As early as the pre-production of Beetlejuice (1988), Burton hired Caroline Thompson to come up with a screenplay for Edward Scissorhands. At the time, Thompson was still an aspiring novelist hoping to gain some spotlight in the industry, and Burton had found wonder in her short novel First Born, which is about a pregnant woman who becomes haunted after deciding to abort her child. The director felt that the short novel carry some themes that he wanted Edward Scissorhands to possess. When Thompson presented her script to Burton, the film immediately went into development.
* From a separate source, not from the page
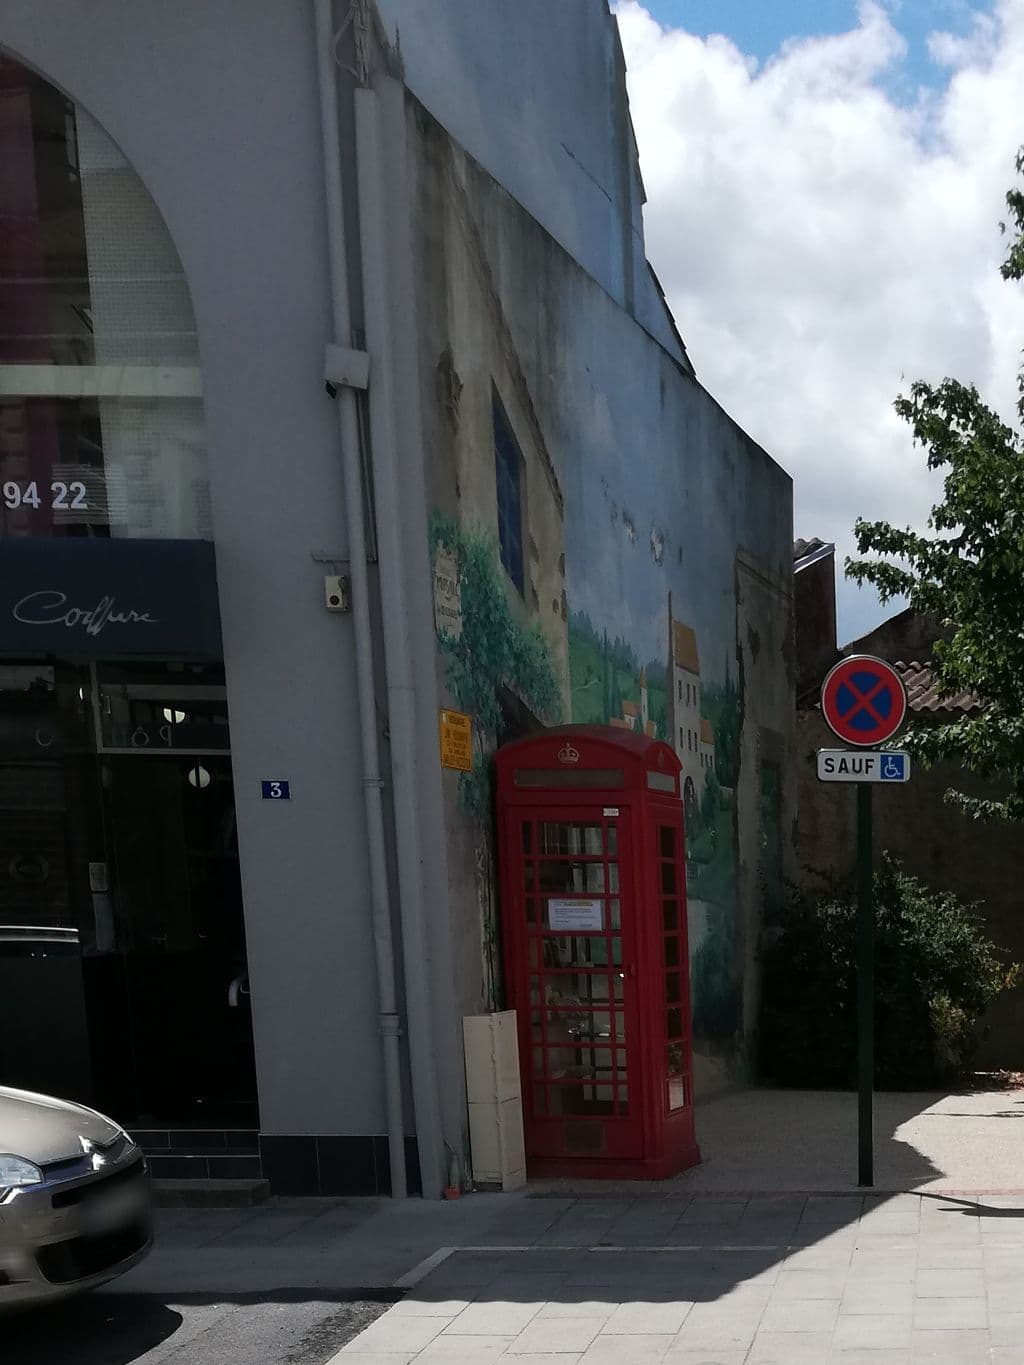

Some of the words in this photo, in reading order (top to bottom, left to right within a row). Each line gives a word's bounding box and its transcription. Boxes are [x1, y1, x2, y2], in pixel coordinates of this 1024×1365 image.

Edward Scissorhands movie review

A spiky-haired eccentric man touches base around the local area and exhibits a phenomenal inventiveness, which begs the question: where did film aficionado Tim Burton get Edward Scissorhands’ origin? Absolutely, Burton's awakened creative side has an obviously close to home feel. It is told delicately, unpretentiously, and of course, with unending compassion toward an outcast who charms local people but coincidentally stirs their sensibilities.

The look of the film is astoundingly magnificent, with a mansion plonked on the edge of a pastel-shaded American suburb, where the husbands go to the workplace at the same time while the wives heat crusty fruit-filled treats and tattle over the greenery enclosure fence.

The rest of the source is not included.